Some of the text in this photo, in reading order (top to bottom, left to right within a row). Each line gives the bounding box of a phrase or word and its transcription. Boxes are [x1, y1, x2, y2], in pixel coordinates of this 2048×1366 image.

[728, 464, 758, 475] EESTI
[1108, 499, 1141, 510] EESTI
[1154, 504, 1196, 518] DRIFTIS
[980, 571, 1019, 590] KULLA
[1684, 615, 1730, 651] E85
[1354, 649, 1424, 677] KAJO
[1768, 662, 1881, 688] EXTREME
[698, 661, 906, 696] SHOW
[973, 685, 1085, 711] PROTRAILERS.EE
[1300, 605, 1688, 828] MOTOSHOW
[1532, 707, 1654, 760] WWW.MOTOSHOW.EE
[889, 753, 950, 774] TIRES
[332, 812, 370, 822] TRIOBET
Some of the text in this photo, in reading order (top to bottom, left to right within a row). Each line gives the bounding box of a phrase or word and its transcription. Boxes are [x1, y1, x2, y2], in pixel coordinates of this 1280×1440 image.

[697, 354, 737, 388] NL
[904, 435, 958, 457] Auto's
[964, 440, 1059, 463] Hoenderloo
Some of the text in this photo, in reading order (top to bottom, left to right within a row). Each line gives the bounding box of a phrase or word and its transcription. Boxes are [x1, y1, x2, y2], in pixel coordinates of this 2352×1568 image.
_ _ _ _
Aim of the exercise: Without omitting anything, set down all the entries above again.

Exercise response:
Some of the text in this photo, in reading order (top to bottom, left to right within a row). Each line gives the bounding box of a phrase or word and its transcription. Boxes are [x1, y1, x2, y2], in pixel coordinates of this 2048×1366 image.

[728, 464, 758, 475] EESTI
[1108, 499, 1141, 510] EESTI
[1154, 504, 1196, 518] DRIFTIS
[980, 571, 1019, 590] KULLA
[1684, 615, 1730, 651] E85
[1354, 649, 1424, 677] KAJO
[1768, 662, 1881, 688] EXTREME
[698, 661, 906, 696] SHOW
[973, 685, 1085, 711] PROTRAILERS.EE
[1300, 605, 1688, 828] MOTOSHOW
[1532, 707, 1654, 760] WWW.MOTOSHOW.EE
[889, 753, 950, 774] TIRES
[332, 812, 370, 822] TRIOBET
Some of the text in this photo, in reading order (top to bottom, left to right within a row). Each line gives the bounding box of a phrase or word and its transcription. Boxes are [x1, y1, x2, y2], in pixel coordinates of this 1280×1440 image.

[697, 354, 737, 388] NL
[904, 435, 958, 457] Auto's
[964, 440, 1059, 463] Hoenderloo
Some of the text in this photo, in reading order (top to bottom, left to right within a row). Each line gives the bounding box of a phrase or word and its transcription. Boxes are [x1, y1, x2, y2], in pixel coordinates of this 2352×1568 image.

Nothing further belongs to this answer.